ISCA Archive Interspeech 2024
ISCA Archive Interspeech 2024

A Cluster-based Personalized Federated Learning Strategy for End-to-End ASR of Dementia Patients

Wei-Tung Hsu, Chin-Po Chen, Yun-Shao Lin, Chi-Chun Lee

Automatic speech recognition (ASR) is crucial for all users, but adapting it for Alzheimer’s disease (AD) faces challenges due to irregular speech patterns and privacy concerns. Federated learning (FL), a privacy-preserving algorithm, is a solution. However, FL ASR suffers from acoustic and text heterogeneities. While advanced model-based and cluster-based FL methods aim to address the issue, they lack a direct mechanism for high intra-speaker heterogeneity exhibited by AD individuals and ASR-related properties.

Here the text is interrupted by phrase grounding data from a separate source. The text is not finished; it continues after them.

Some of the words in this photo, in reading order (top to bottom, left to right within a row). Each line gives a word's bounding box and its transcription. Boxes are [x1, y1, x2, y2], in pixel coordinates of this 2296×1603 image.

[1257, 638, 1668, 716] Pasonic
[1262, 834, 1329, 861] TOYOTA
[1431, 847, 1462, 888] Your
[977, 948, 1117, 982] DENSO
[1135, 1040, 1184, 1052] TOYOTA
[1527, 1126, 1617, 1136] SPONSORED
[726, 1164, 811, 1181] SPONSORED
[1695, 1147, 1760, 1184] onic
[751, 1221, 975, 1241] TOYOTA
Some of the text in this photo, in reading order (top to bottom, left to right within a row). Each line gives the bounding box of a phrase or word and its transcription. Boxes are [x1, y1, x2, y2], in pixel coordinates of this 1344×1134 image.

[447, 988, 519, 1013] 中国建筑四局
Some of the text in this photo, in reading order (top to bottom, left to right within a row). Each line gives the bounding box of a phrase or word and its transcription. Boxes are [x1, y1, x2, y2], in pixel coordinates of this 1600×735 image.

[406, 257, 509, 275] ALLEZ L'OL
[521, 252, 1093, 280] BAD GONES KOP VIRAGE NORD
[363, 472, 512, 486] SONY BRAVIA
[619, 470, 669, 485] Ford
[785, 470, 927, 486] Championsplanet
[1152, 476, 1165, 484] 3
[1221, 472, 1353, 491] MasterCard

This study presents cluster-based personalized federated learning (CPFL), a strategy mitigating heterogeneity by clustering ASR output token using the proposed CharDiv, a metric for pause and word usage distributions. Evaluation on the ADReSS challenge dataset shows a 3.6% improvement in word error rate (WER). Analysis of per-cluster WER improvements and CharDiv distributions indicates reduced heterogeneity, emphasizing pause usage as a potential key factor in AD-oriented ASR.